Suppose two UDF get pipelined, each UDF consume 3s on each batch (and suppose the worker node have enough cores to parallely run the 2 UDFs). And suppose the buffer can hold 100 batches. Then:

My PR: The first 100 batches computation will consume time about: 100 * 3s.
Master code: The first 100 batches computation will consume time about 100 * (3 + 3) s.

Typical scenario
In the machine learning case:

  1. in order to make realtime prediction, we will make batch size very small.
  2. in ML prediction we will schedule the computation to GPU, so UDF computation on each batch will consume massive time.
  3. ML prediction output will usually be a label (scalar value), so the output batch is small in bytes, so there will be many output batches accumulated inside the Python UDF process output buffer, this make downstream UDFs lag behind.
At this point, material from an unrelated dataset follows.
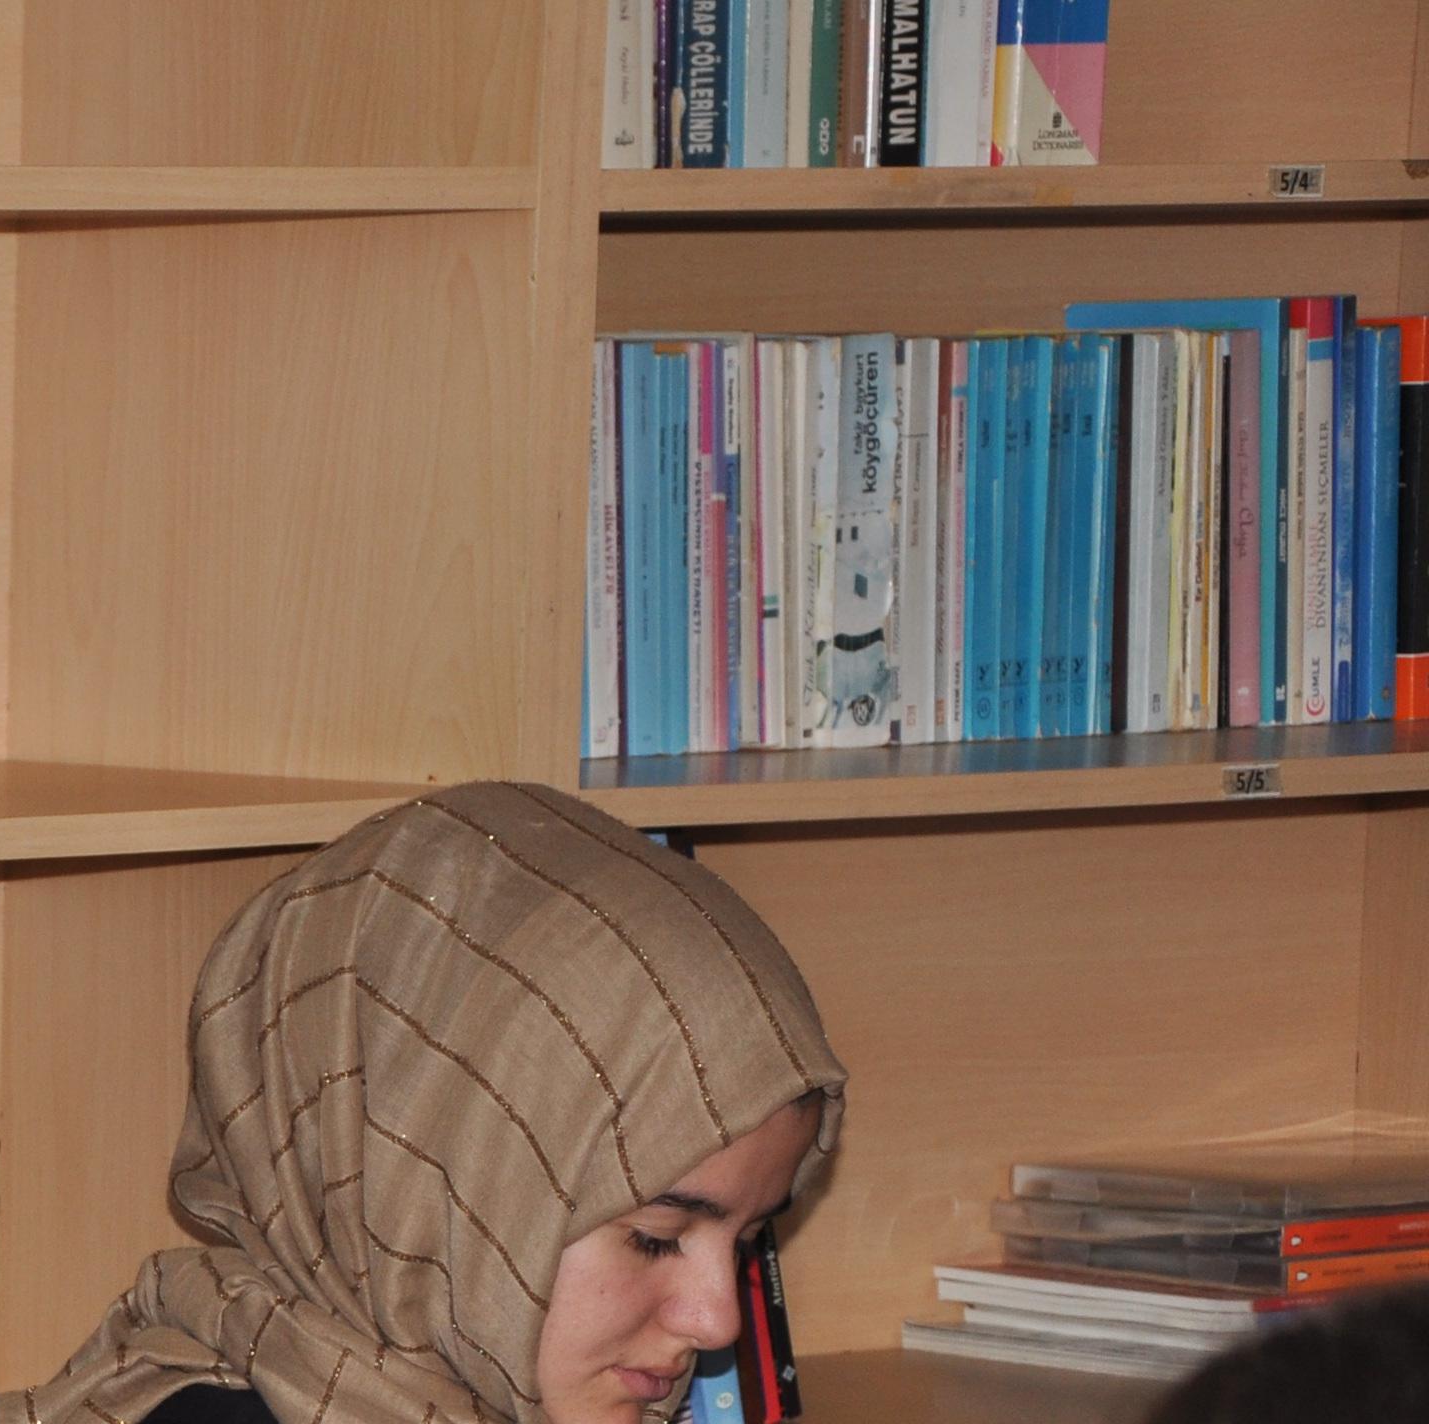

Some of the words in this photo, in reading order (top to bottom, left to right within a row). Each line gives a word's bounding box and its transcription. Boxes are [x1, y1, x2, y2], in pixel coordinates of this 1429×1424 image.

See example above.

That's the difference. Thanks!

@BryanCutler
Copy link
Member

What about sending large batches to Python, then taking smaller slices of each batch before sending for inference? Pyarrow supports zero-copy slices. In your use case you make 100 write calls to Python where 1 would be enough, and that adds some overhead.

@WeichenXu123
Copy link
Contributor Author

WeichenXu123 commented May 31, 2019

@BryanCutler

"Making batch size small" is the ML realtime inference requirement. This is another issue. Such as, input data coming from a stream, we need deal with coming data as soon as possible instead of accumulating a large batch.

Under the case "we already choose small batch size", this PR improve the pipeline performance.

Thanks!

@HyukjinKwon
Copy link
Member

BTW, is the buffer size 65536 bytes? So .. the issue is that we should wait until 65536 bytes is full? Why don't we simply add a config to control the buffer size then?

@BryanCutler
Copy link
Member

BTW, is the buffer size 65536 bytes? So .. the issue is that we should wait until 65536 bytes is full? Why don't we simply add a config to control the buffer size then?

Yes, I think this is the right approach if there is too much latency between endpoints. There is a config for the Scala side spark.buffer.size already

@WeichenXu123
Copy link
Contributor Author

WeichenXu123 commented May 31, 2019

@BryanCutler But python side write buffer size is hardcoded... and I doubt Scala side spark.buffer.size used in spark widely in other buffers config.
Another issue is that user is hard to estimate the accurate batch size in bytes. In contrast, per batch flushing is more accurate, only when one batch generated we need flushed it.

We can discuss in two case:

  1. In most cases, we always use default batch size (spark.sql.execution.arrow.maxRecordsPerBatch=10000), this case one batch in bytes is large, so per batch flushing will only influence performance slightly.
  2. In some cases such as ML realtime inference case, we make spark.sql.execution.arrow.maxRecordsPerBatch small, this case per batch flushing show its performance advantage (See above discussion)

@BryanCutler
Copy link
Member

@WeichenXu123 this change might improve perf for your case where a pandas_udf takes massive amount of time on small data, but my concern is it could have a negative effect on other cases where IO is the main bottleneck. This PR changes all pandas_udf IO, not just scalar ones too. Could you not post a simple benchmark script and run some numbers?

@WeichenXu123
Copy link
Contributor Author

@BryanCutler Sure I will benchmark. And I can change it to be only Scalar UDF do per batch flushing.

@HyukjinKwon
Copy link
Member

Can't we add a configuration to control this buffer size,

infile = os.fdopen(os.dup(sock.fileno()), "rb", 65536)
outfile = os.fdopen(os.dup(sock.fileno()), "wb", 65536)
here?

and presumably

sockfile = sock.makefile("rwb", 65536)
as well for Windows

@SparkQA
Copy link

SparkQA commented Jun 3, 2019

Test build #106081 has finished for PR 24734 at commit 4f8b8c3.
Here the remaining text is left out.